▶ _The problem_:
Print the entire listing below word for word, excluding its pictures.

▶ _Data records_:
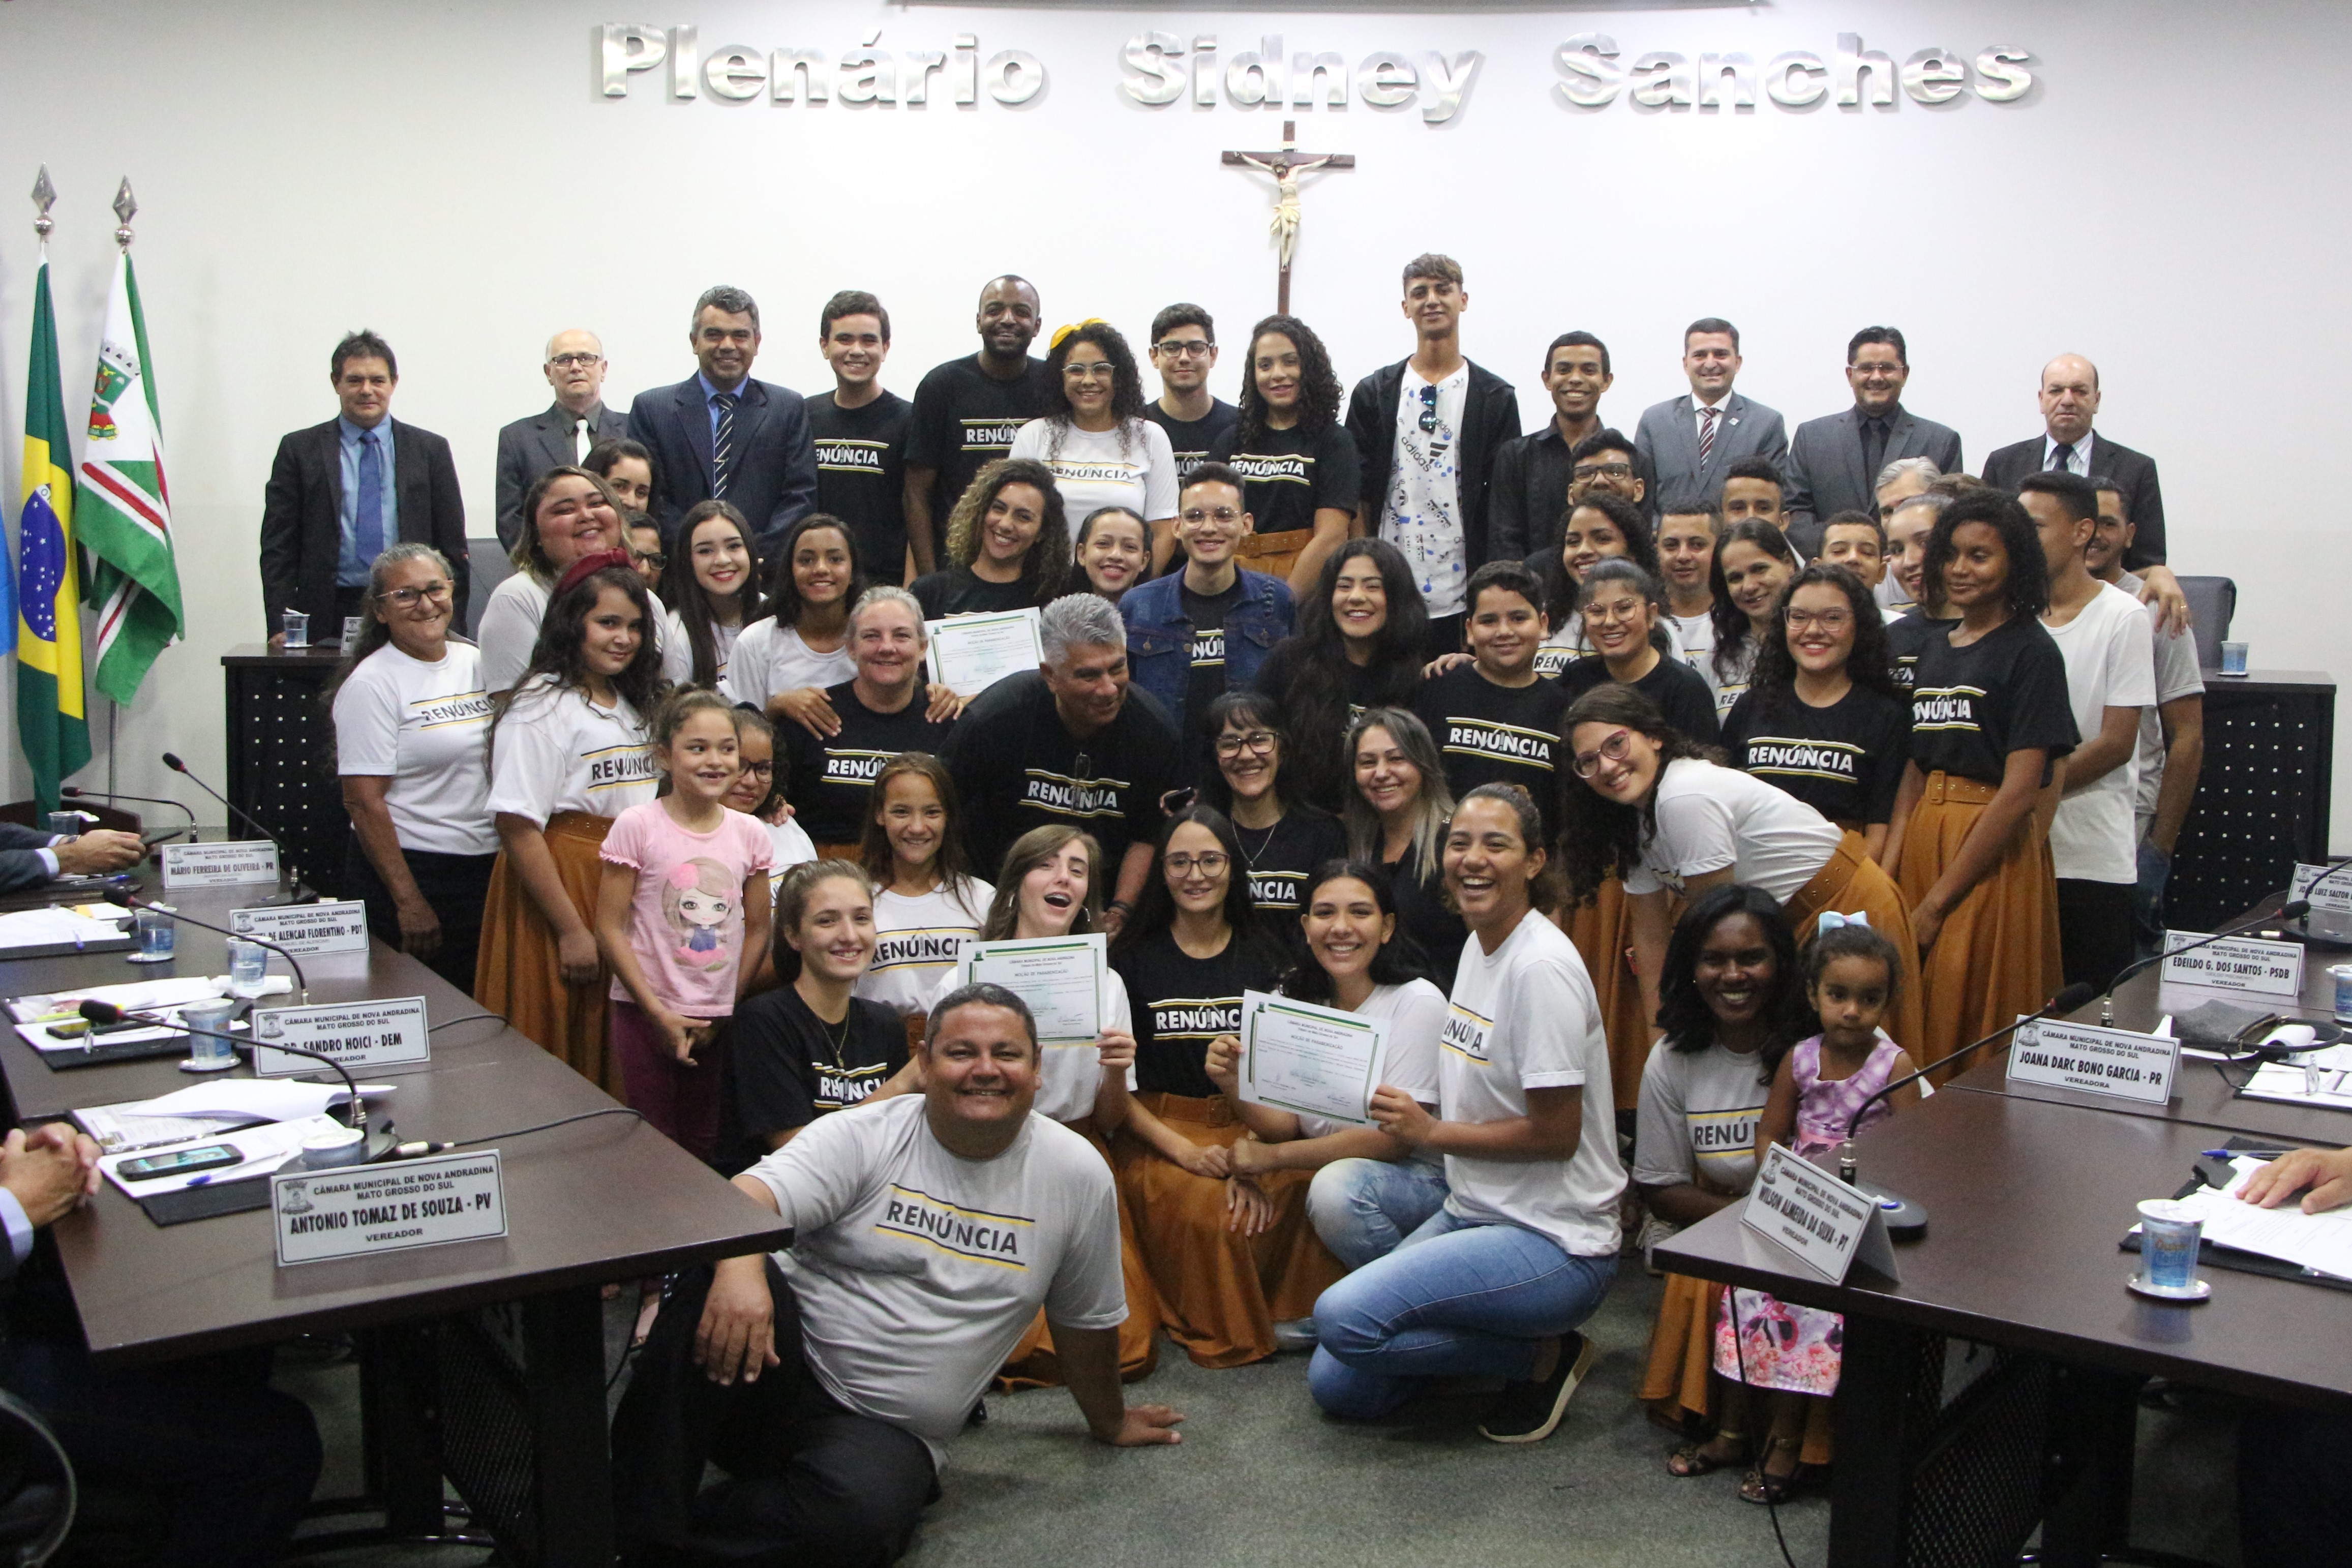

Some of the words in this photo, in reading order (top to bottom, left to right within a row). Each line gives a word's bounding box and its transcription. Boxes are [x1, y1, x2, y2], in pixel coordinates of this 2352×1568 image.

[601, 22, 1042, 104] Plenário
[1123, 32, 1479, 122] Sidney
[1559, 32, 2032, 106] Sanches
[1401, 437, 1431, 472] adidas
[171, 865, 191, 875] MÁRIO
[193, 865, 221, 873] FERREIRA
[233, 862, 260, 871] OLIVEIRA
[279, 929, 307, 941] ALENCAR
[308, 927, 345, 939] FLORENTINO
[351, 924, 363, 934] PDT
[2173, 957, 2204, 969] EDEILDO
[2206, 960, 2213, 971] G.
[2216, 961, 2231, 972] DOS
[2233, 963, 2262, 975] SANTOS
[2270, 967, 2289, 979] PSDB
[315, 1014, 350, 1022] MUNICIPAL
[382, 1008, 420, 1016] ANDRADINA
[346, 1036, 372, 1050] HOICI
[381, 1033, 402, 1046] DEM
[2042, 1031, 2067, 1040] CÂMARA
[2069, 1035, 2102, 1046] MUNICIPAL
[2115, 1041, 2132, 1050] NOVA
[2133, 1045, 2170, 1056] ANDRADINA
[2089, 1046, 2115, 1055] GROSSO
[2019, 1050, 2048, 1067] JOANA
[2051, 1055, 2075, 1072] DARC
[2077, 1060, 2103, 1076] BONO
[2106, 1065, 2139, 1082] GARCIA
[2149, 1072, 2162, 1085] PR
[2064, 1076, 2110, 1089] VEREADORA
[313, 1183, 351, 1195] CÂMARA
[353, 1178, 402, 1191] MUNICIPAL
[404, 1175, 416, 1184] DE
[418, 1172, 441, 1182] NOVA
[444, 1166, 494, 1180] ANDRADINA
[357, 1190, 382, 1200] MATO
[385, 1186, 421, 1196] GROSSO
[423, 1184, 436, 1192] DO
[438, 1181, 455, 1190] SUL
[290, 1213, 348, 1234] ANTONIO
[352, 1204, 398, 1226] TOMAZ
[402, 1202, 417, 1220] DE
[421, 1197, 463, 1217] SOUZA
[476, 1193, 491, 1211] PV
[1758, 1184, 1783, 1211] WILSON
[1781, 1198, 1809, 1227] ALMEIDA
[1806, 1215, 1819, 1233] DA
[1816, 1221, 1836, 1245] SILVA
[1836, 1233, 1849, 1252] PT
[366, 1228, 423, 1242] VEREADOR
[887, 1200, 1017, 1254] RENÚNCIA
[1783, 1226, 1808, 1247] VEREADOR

▶ _Solution for this task_:
Some of the words in this photo, in reading order (top to bottom, left to right within a row). Each line gives a word's bounding box and its transcription. Boxes are [x1, y1, x2, y2], in pixel coordinates of this 2352×1568 image.

[601, 22, 1042, 104] Plenário
[1123, 32, 1479, 122] Sidney
[1559, 32, 2032, 106] Sanches
[1401, 437, 1431, 472] adidas
[171, 865, 191, 875] MÁRIO
[193, 865, 221, 873] FERREIRA
[233, 862, 260, 871] OLIVEIRA
[279, 929, 307, 941] ALENCAR
[308, 927, 345, 939] FLORENTINO
[351, 924, 363, 934] PDT
[2173, 957, 2204, 969] EDEILDO
[2206, 960, 2213, 971] G.
[2216, 961, 2231, 972] DOS
[2233, 963, 2262, 975] SANTOS
[2270, 967, 2289, 979] PSDB
[315, 1014, 350, 1022] MUNICIPAL
[382, 1008, 420, 1016] ANDRADINA
[346, 1036, 372, 1050] HOICI
[381, 1033, 402, 1046] DEM
[2042, 1031, 2067, 1040] CÂMARA
[2069, 1035, 2102, 1046] MUNICIPAL
[2115, 1041, 2132, 1050] NOVA
[2133, 1045, 2170, 1056] ANDRADINA
[2089, 1046, 2115, 1055] GROSSO
[2019, 1050, 2048, 1067] JOANA
[2051, 1055, 2075, 1072] DARC
[2077, 1060, 2103, 1076] BONO
[2106, 1065, 2139, 1082] GARCIA
[2149, 1072, 2162, 1085] PR
[2064, 1076, 2110, 1089] VEREADORA
[313, 1183, 351, 1195] CÂMARA
[353, 1178, 402, 1191] MUNICIPAL
[404, 1175, 416, 1184] DE
[418, 1172, 441, 1182] NOVA
[444, 1166, 494, 1180] ANDRADINA
[357, 1190, 382, 1200] MATO
[385, 1186, 421, 1196] GROSSO
[423, 1184, 436, 1192] DO
[438, 1181, 455, 1190] SUL
[290, 1213, 348, 1234] ANTONIO
[352, 1204, 398, 1226] TOMAZ
[402, 1202, 417, 1220] DE
[421, 1197, 463, 1217] SOUZA
[476, 1193, 491, 1211] PV
[1758, 1184, 1783, 1211] WILSON
[1781, 1198, 1809, 1227] ALMEIDA
[1806, 1215, 1819, 1233] DA
[1816, 1221, 1836, 1245] SILVA
[1836, 1233, 1849, 1252] PT
[366, 1228, 423, 1242] VEREADOR
[887, 1200, 1017, 1254] RENÚNCIA
[1783, 1226, 1808, 1247] VEREADOR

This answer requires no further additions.